Major depressive disorder (MDD) afflicts more than 250 million people worldwide and is the most common source of disability for Americans. In addition to counseling and talk therapy, there is a veritable alphabet soup of medications, from amitriptyline to venlafaxine, currently prescribed to treat MDD. Each class of antidepressant acts on an individual or combination of receptors and enzymes in order to adjust the levels of neurotransmitters. However, for various reasons, the currently available antidepressant drugs are not effective for up to 70 percent of patients. In fact, MDD refractory to current medical therapy is one of the primary reasons depression is a leading public health issue in America, which has lead to a continued interest in novel pharmaceuticals aimed at better treating this disorder.
The company Allergen is currently testing a compound, rapastinel, which acts via a novel mechanism involving the NMDA receptor. The NMDA receptor is better known for its role in memory development and neural synaptic plasticity, but it has also been shown to be a promising target for treating MDD. So far, rapastinel has shown fast and promising results in a group of patients who had not benefited from traditional antidepressants. In a phase II clinical trial, just one dose of rapastinel induced reductions in patients’ standardized scores of depression within 24 hours, with the results lasting up to a week. Compared to traditional antidepressants, which generally take effect over the course of four to six weeks, rapastinel was able to achieve a nearly twofold improvement in patients’ reported mood within one day, without adverse side effects.
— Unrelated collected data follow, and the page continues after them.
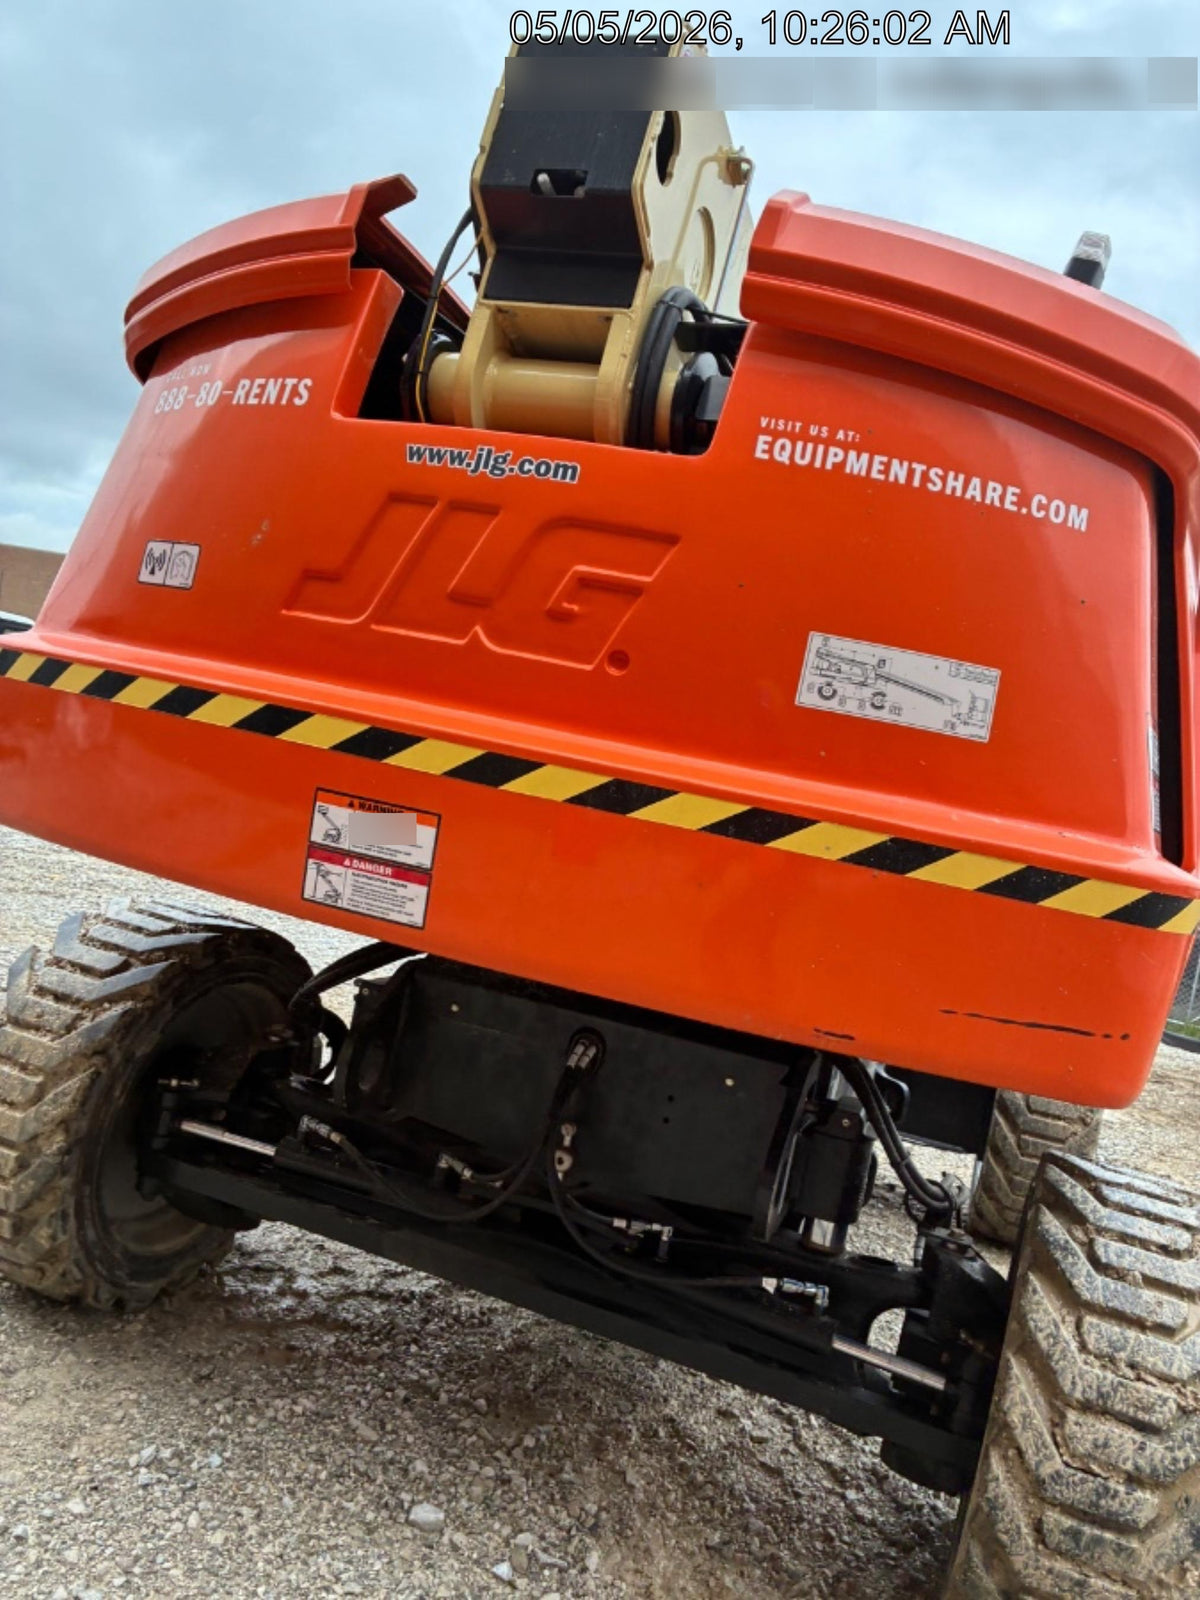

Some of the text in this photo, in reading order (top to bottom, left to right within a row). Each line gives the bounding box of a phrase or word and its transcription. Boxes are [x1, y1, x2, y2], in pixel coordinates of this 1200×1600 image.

[154, 377, 313, 414] 888-80-RENTS
[760, 416, 860, 442] VISIT US AT:
[406, 443, 581, 484] www.jlg.com
[754, 434, 1089, 532] EQUIPMENTSHARE.COM
[358, 800, 404, 813] WARNIN
[352, 859, 392, 877] DANGER
Ketamine is another surprising agent that appears to alleviate depression. In clinical studies, ketamine improved mood within minutes to hours — again, significantly faster than the time of onset for common antidepressants. In addition, for some participants, ketamine’s effects on mood lasted over a week post-administration of a single dose. However, ketamine has an increased risk for abuse due to its dissociative, sedative and often addictive side effects. For this reason, one of ketamine’s metabolites, a structurally related form called hydroxynorketamine, is currently being tested in mice and has been found to positively affect mood in the absence of the adverse effects elicited by ketamine.
In addition, another compound (CPG3466B), similar in molecular composition to ketamine, also resulted in positive results in mice subjected to two standardized tests of depression symptoms within a few hours’ onset. Although additional studies will be required to determine the compounds’ efficacy in humans, the ability to remove the negative and addictive aspects of ketamine in animal models is a huge step toward making the drug a less risky alternative to antidepressants already on the market.
While there are several novel drugs in the pipeline of animal clinical trials, recent studies have also determined the benefits of new, less traditional therapies for human patients with depression and other mental illnesses. In a joint study involving Johns Hopkins and New York University, 80 cancer patients were given synthetic psilocybin, a hallucinogenic agent typically found in “magic mushrooms.” Two-thirds of the participants felt their moods lifted and their depression and anxiety symptoms subsiding after taking psilocybin. Based on these promising results, researchers are continuing to look into psilocybin as a potential therapeutic option for a variety of disorders and illnesses, but they stress that the dosing and administration will need to be closely supervised by a medical professional in a health care setting.
It is both promising and exciting to see how quickly the fields of neuroscience and medicine have moved to investigate and develop diverse, less traditional therapeutic avenues for patients suffering from debilitating depression. Given the prevalence and severity of MDD and its significant burden on both individual and public health, any positive result from a new therapy is a new hope on the horizon.
- Find out more about how psilocybin, the active ingredient in hallucinogenic mushrooms, is being used to treat major depression.
- More information About major depression from Johns Hopkins Medicine.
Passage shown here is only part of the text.